Huffman encourages his clients to be "savvy consumers" by shopping around for the best value in insurance, particularly for home and automobile.
"Check on how these companies perform (through) the Better Business Bureau," he said. "But be sure you're comparing apples to apples. One company may be way cheaper but may not provide the same level of coverage."
Even those who have health insurance are often surprised by how much they must pay out of pocket beyond their co-pays, experts say.
While it's impossible to predict future health care costs, it is important to have enough money in savings to cover your deductible, they say, and having more than that (possibly thousands more) is a good idea because there are some things that insurance doesn't cover.
When it comes to health savings accounts or flexible spending accounts, Huffman does recommend participating in those plans.
"For the most part, you should be taking advantage of that; those are pre-tax dollars," he said.
"If there's a health issue you're frequently going in for or you have a regular medical expense, (the flexible or spending plans are) where you're going to get more bang for your buck."
While tuition is usually the costliest aspect of your child's education, it's often other things - computers, supplies, fees and extracurricular expenses - that surprise parents each year.

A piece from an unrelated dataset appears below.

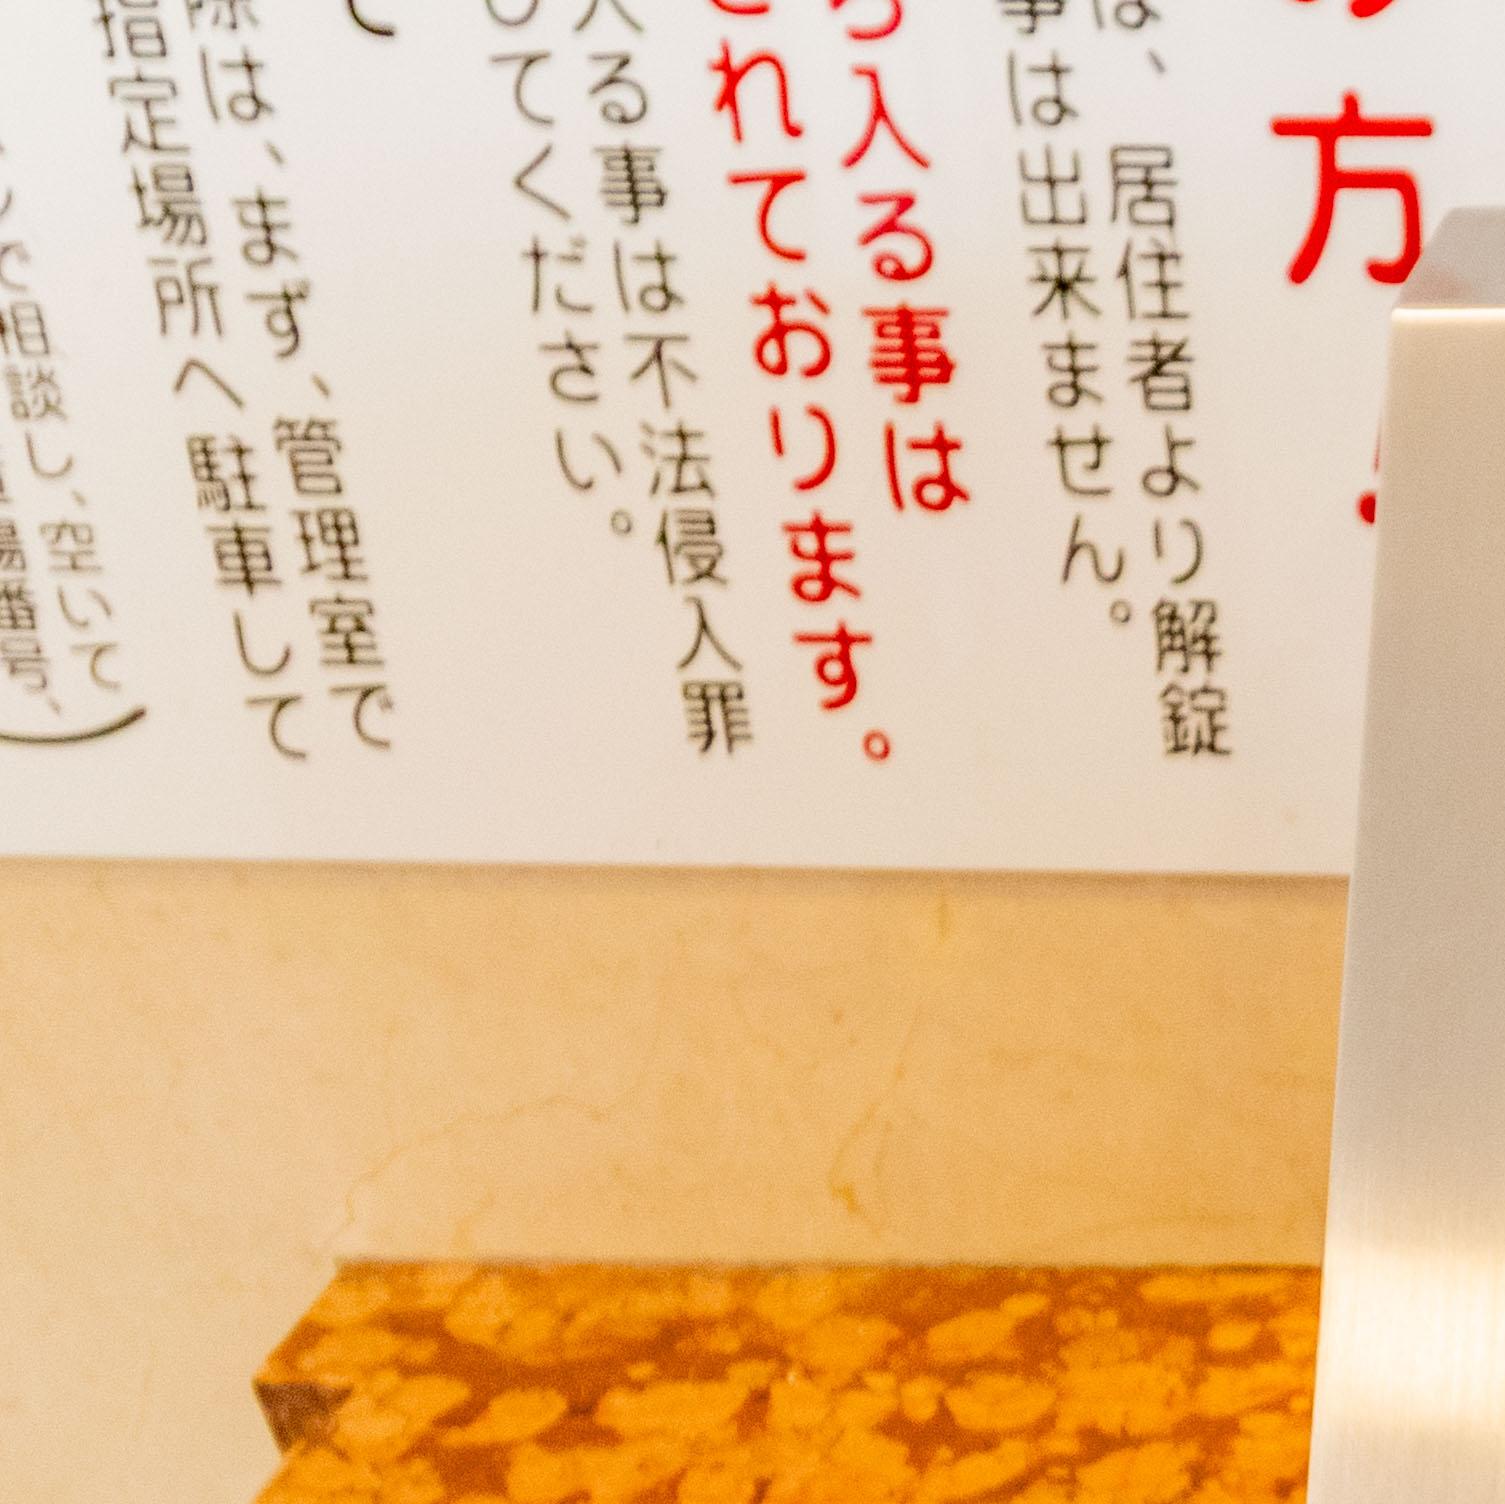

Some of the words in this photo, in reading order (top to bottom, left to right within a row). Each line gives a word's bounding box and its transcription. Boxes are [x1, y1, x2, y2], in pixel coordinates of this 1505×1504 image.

[708, 0, 891, 762] れております。
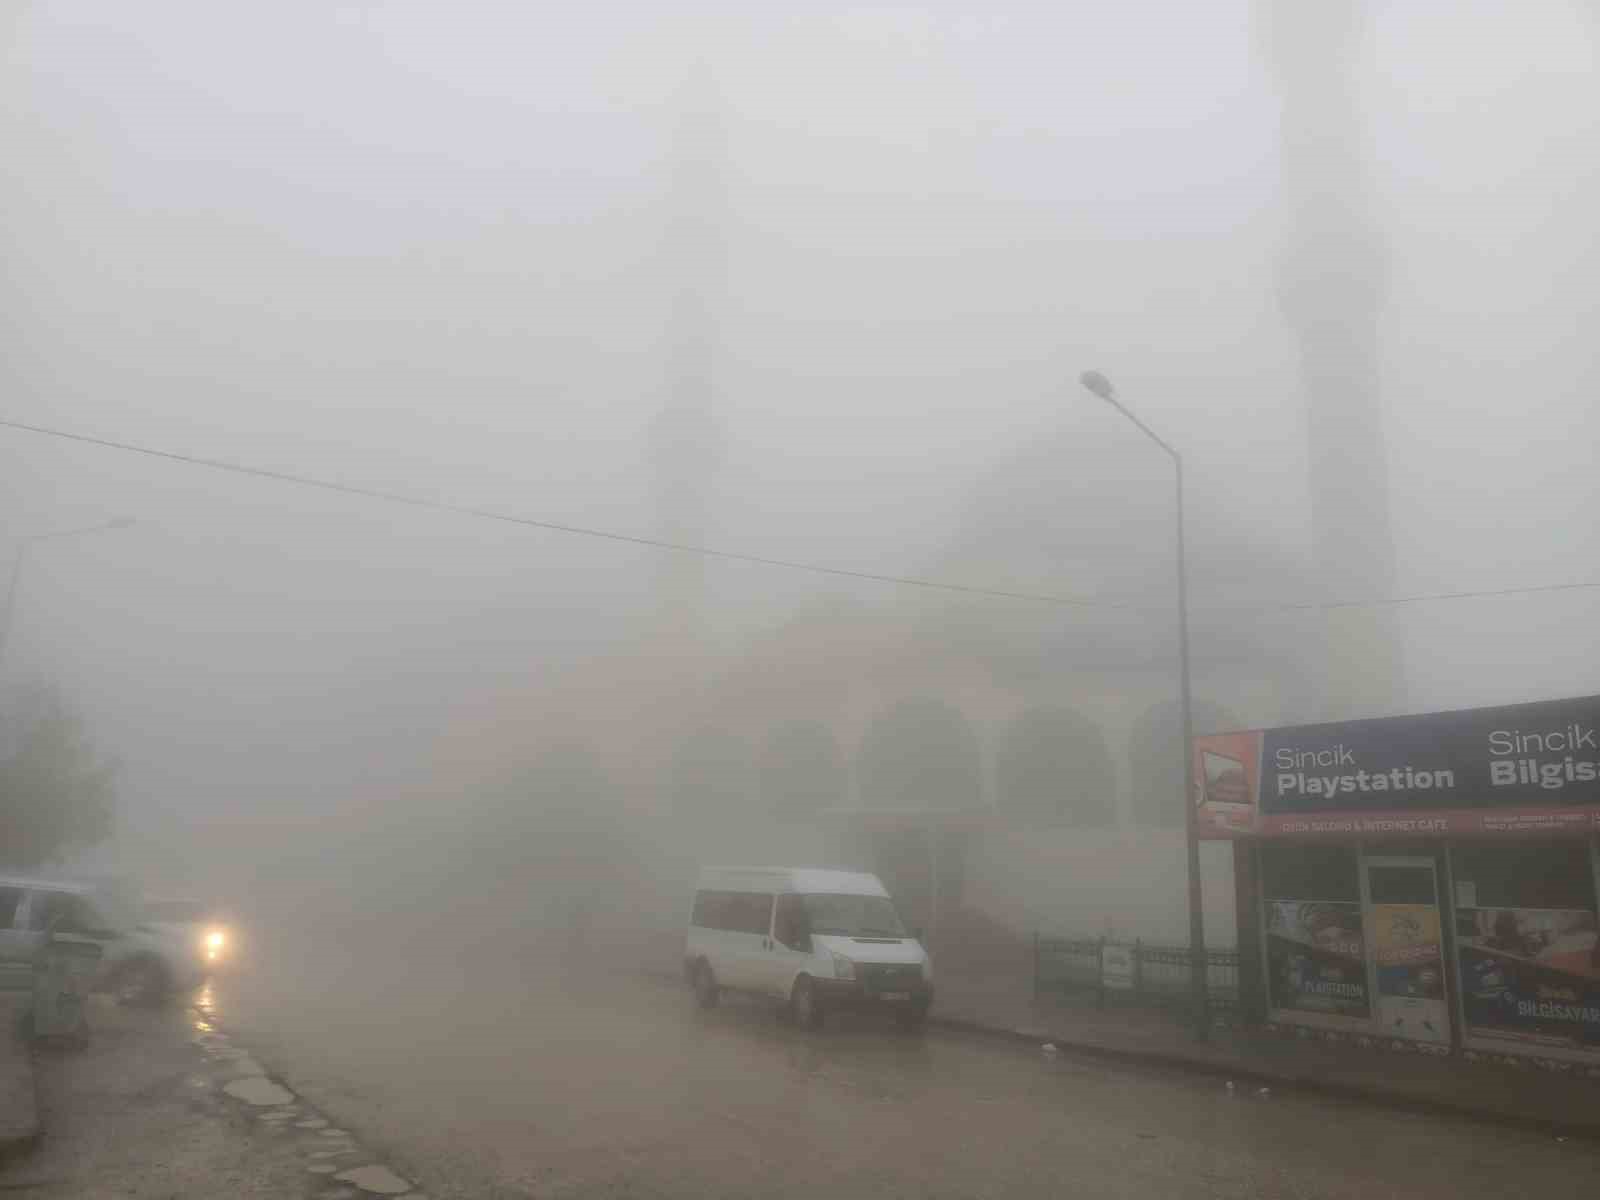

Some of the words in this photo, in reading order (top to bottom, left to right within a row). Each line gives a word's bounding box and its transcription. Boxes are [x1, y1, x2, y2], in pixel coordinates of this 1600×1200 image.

In 2014, the average family with a child in kindergarten through high school was estimated to have spent $670 on average on back-to-school supplies. Costs for participation in sports and extracurricular activities will go higher as your child gets older.
If you have a child in college, unforeseen expenses could be even higher, experts say. While you likely know what tuition and room and board will be, you may also get hit with expenses like on-campus parking, sorority or fraternity fees and other extracurricular expenses.
These kinds of unexpected costs - along with travel to and from home for holidays - could add up to thousands of dollars each year.
"Sit down and take stock of what (school-related costs are) running you," Huffman recommends. "It's not hard to look back and figure what you spent."
By looking over past bank statements and pulling out specific expenses, "you can get a realistic amount" to use in planning for school-related costs in your annual budget.